- **What you will do**:
Once the line containing "this 2352×1568 image." is found, retype it and each line after it through the last entry below, word for word, and nothing else.

- **Provided records**:

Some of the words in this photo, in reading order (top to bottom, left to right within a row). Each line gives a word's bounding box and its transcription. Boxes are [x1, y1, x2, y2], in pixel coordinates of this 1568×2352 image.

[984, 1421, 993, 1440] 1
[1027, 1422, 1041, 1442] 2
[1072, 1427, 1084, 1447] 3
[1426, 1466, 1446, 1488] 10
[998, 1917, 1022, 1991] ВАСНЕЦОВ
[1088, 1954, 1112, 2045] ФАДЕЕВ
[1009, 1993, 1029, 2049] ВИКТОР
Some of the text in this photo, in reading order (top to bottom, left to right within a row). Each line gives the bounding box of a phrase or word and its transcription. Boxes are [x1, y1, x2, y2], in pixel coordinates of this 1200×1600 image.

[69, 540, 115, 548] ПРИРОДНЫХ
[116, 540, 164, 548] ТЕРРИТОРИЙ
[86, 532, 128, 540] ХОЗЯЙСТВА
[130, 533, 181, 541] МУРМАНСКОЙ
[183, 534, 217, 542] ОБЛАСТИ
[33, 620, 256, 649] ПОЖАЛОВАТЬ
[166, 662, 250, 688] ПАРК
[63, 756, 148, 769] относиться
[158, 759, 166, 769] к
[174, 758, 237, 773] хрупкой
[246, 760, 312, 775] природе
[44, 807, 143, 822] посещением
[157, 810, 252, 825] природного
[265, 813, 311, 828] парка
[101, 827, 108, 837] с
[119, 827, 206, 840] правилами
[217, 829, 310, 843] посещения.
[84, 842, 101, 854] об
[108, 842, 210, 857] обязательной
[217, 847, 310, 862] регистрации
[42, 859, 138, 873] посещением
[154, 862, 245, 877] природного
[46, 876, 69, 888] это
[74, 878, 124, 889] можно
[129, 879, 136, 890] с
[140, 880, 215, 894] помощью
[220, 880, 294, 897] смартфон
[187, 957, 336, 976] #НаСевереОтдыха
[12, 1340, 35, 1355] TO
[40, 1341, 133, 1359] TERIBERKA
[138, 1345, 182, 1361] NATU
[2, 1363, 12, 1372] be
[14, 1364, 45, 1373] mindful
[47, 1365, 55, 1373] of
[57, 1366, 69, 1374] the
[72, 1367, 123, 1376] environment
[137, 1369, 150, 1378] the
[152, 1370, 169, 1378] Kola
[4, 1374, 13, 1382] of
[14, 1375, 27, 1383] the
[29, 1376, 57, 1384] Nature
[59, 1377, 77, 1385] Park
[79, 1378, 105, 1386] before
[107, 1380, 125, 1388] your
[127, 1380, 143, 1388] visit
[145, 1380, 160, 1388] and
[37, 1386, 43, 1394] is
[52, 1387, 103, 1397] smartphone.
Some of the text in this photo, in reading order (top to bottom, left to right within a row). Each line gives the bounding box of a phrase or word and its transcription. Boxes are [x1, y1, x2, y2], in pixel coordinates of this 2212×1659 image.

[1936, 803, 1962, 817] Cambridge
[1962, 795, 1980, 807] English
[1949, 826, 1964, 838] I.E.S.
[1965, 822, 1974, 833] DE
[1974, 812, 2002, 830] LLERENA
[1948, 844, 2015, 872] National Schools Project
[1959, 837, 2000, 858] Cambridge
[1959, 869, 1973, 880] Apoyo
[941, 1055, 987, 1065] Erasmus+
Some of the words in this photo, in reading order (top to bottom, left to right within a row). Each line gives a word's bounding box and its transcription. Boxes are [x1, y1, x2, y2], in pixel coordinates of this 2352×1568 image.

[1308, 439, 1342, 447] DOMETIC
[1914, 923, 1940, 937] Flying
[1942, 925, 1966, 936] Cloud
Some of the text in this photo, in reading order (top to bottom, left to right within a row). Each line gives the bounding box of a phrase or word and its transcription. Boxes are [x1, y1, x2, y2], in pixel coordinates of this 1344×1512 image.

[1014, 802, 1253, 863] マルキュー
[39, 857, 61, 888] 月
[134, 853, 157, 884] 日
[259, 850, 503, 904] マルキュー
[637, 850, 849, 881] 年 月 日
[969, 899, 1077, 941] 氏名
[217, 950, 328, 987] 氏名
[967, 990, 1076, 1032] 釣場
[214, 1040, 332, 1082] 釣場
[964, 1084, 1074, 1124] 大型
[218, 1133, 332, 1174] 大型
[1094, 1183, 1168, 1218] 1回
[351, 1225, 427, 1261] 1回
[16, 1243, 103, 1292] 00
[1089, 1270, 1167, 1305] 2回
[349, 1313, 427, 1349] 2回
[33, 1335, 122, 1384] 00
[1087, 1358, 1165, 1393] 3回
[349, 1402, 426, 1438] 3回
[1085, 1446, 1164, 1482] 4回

- **Answer to the problem**:
Some of the words in this photo, in reading order (top to bottom, left to right within a row). Each line gives a word's bounding box and its transcription. Boxes are [x1, y1, x2, y2], in pixel coordinates of this 2352×1568 image.

[1308, 439, 1342, 447] DOMETIC
[1914, 923, 1940, 937] Flying
[1942, 925, 1966, 936] Cloud
Some of the text in this photo, in reading order (top to bottom, left to right within a row). Each line gives the bounding box of a phrase or word and its transcription. Boxes are [x1, y1, x2, y2], in pixel coordinates of this 1344×1512 image.

[1014, 802, 1253, 863] マルキュー
[39, 857, 61, 888] 月
[134, 853, 157, 884] 日
[259, 850, 503, 904] マルキュー
[637, 850, 849, 881] 年 月 日
[969, 899, 1077, 941] 氏名
[217, 950, 328, 987] 氏名
[967, 990, 1076, 1032] 釣場
[214, 1040, 332, 1082] 釣場
[964, 1084, 1074, 1124] 大型
[218, 1133, 332, 1174] 大型
[1094, 1183, 1168, 1218] 1回
[351, 1225, 427, 1261] 1回
[16, 1243, 103, 1292] 00
[1089, 1270, 1167, 1305] 2回
[349, 1313, 427, 1349] 2回
[33, 1335, 122, 1384] 00
[1087, 1358, 1165, 1393] 3回
[349, 1402, 426, 1438] 3回
[1085, 1446, 1164, 1482] 4回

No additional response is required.